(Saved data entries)
━━━━

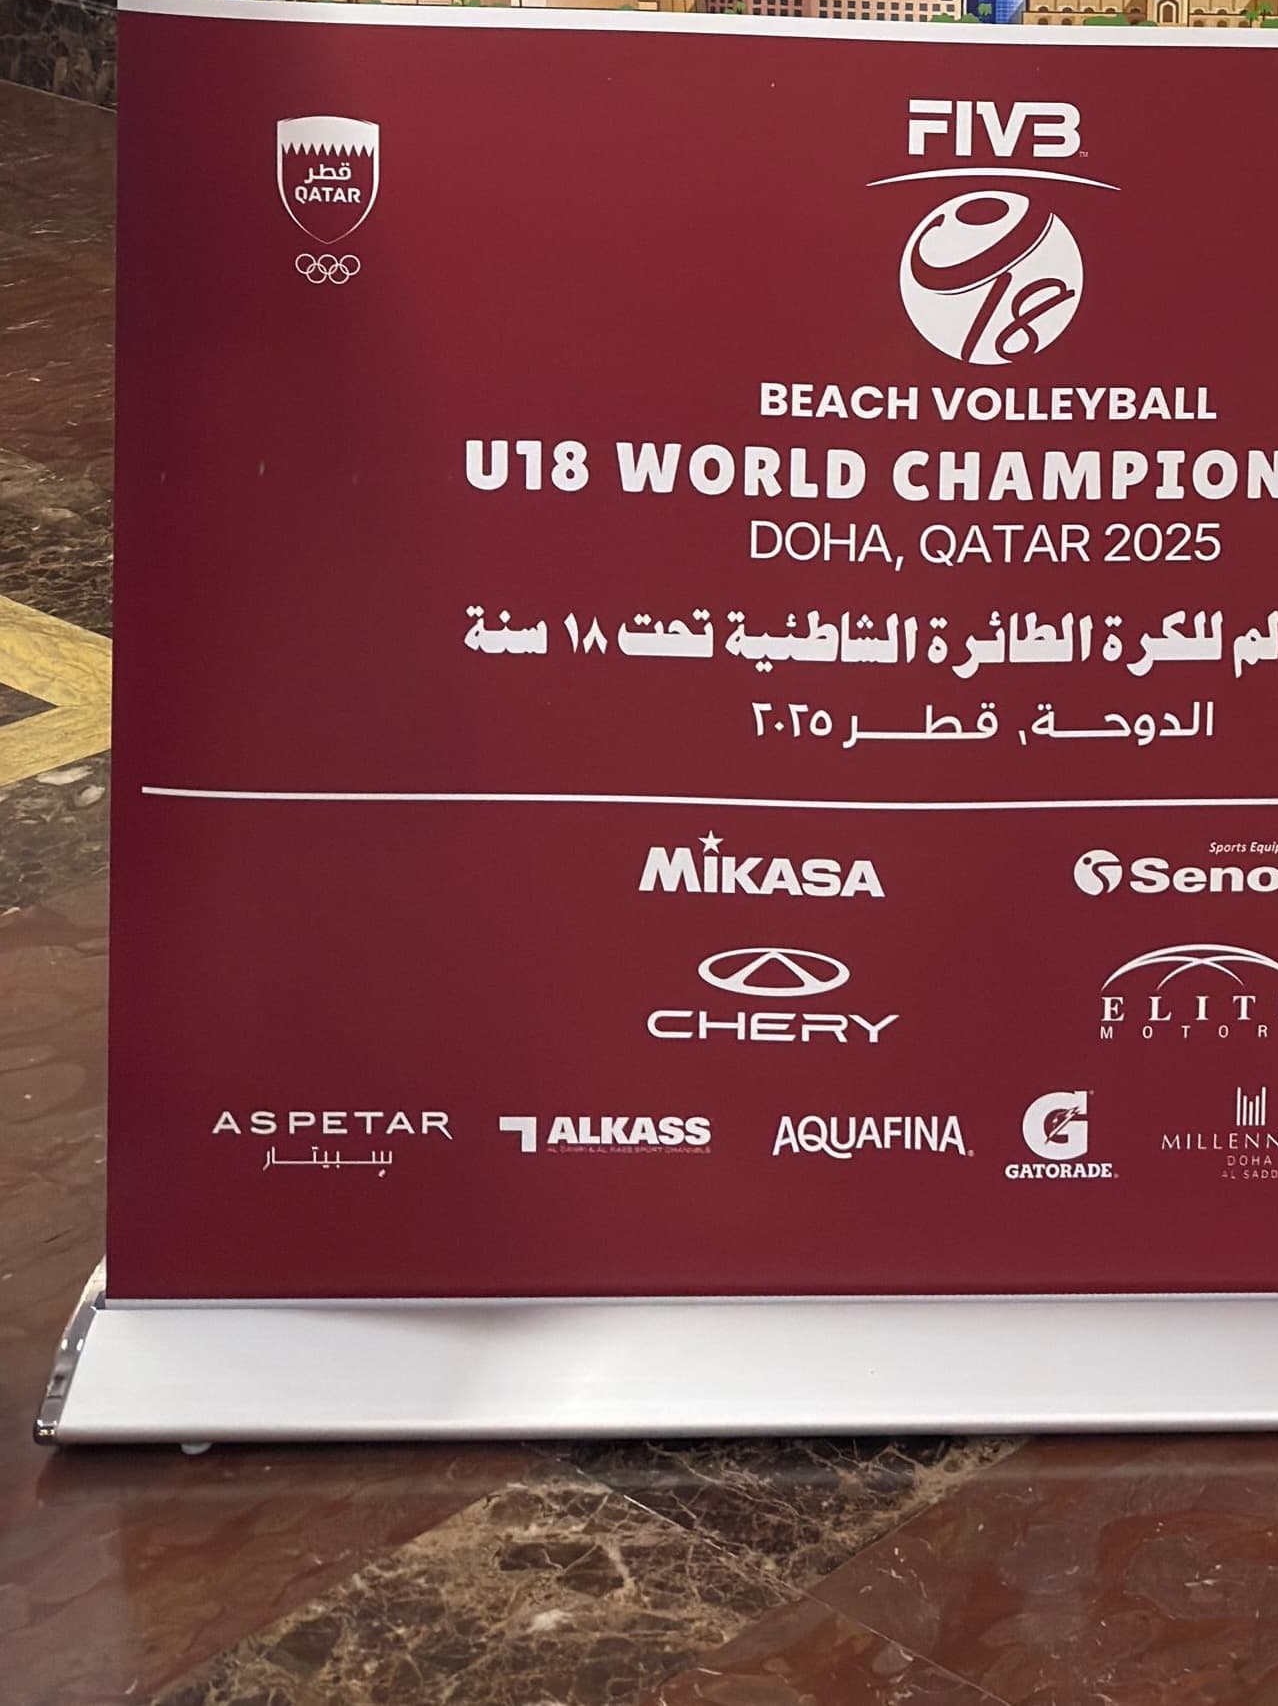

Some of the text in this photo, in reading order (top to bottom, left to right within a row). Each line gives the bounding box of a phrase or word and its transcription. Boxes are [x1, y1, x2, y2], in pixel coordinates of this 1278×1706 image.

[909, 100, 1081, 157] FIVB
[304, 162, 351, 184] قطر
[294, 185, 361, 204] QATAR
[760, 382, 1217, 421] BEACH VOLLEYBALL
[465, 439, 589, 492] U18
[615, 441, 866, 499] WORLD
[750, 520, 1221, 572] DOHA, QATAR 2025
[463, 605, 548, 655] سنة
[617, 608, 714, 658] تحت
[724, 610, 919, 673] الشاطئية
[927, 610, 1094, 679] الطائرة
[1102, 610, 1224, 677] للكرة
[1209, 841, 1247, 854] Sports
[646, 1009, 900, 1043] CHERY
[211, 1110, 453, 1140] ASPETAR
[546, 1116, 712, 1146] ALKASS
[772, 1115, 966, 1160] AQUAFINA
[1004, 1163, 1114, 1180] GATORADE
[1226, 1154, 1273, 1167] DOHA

━━━━

Please reproduce the entries above exactly, omitting every picture.

Some of the text in this photo, in reading order (top to bottom, left to right within a row). Each line gives the bounding box of a phrase or word and its transcription. Boxes are [x1, y1, x2, y2], in pixel coordinates of this 1278×1706 image.

[909, 100, 1081, 157] FIVB
[304, 162, 351, 184] قطر
[294, 185, 361, 204] QATAR
[760, 382, 1217, 421] BEACH VOLLEYBALL
[465, 439, 589, 492] U18
[615, 441, 866, 499] WORLD
[750, 520, 1221, 572] DOHA, QATAR 2025
[463, 605, 548, 655] سنة
[617, 608, 714, 658] تحت
[724, 610, 919, 673] الشاطئية
[927, 610, 1094, 679] الطائرة
[1102, 610, 1224, 677] للكرة
[1209, 841, 1247, 854] Sports
[646, 1009, 900, 1043] CHERY
[211, 1110, 453, 1140] ASPETAR
[546, 1116, 712, 1146] ALKASS
[772, 1115, 966, 1160] AQUAFINA
[1004, 1163, 1114, 1180] GATORADE
[1226, 1154, 1273, 1167] DOHA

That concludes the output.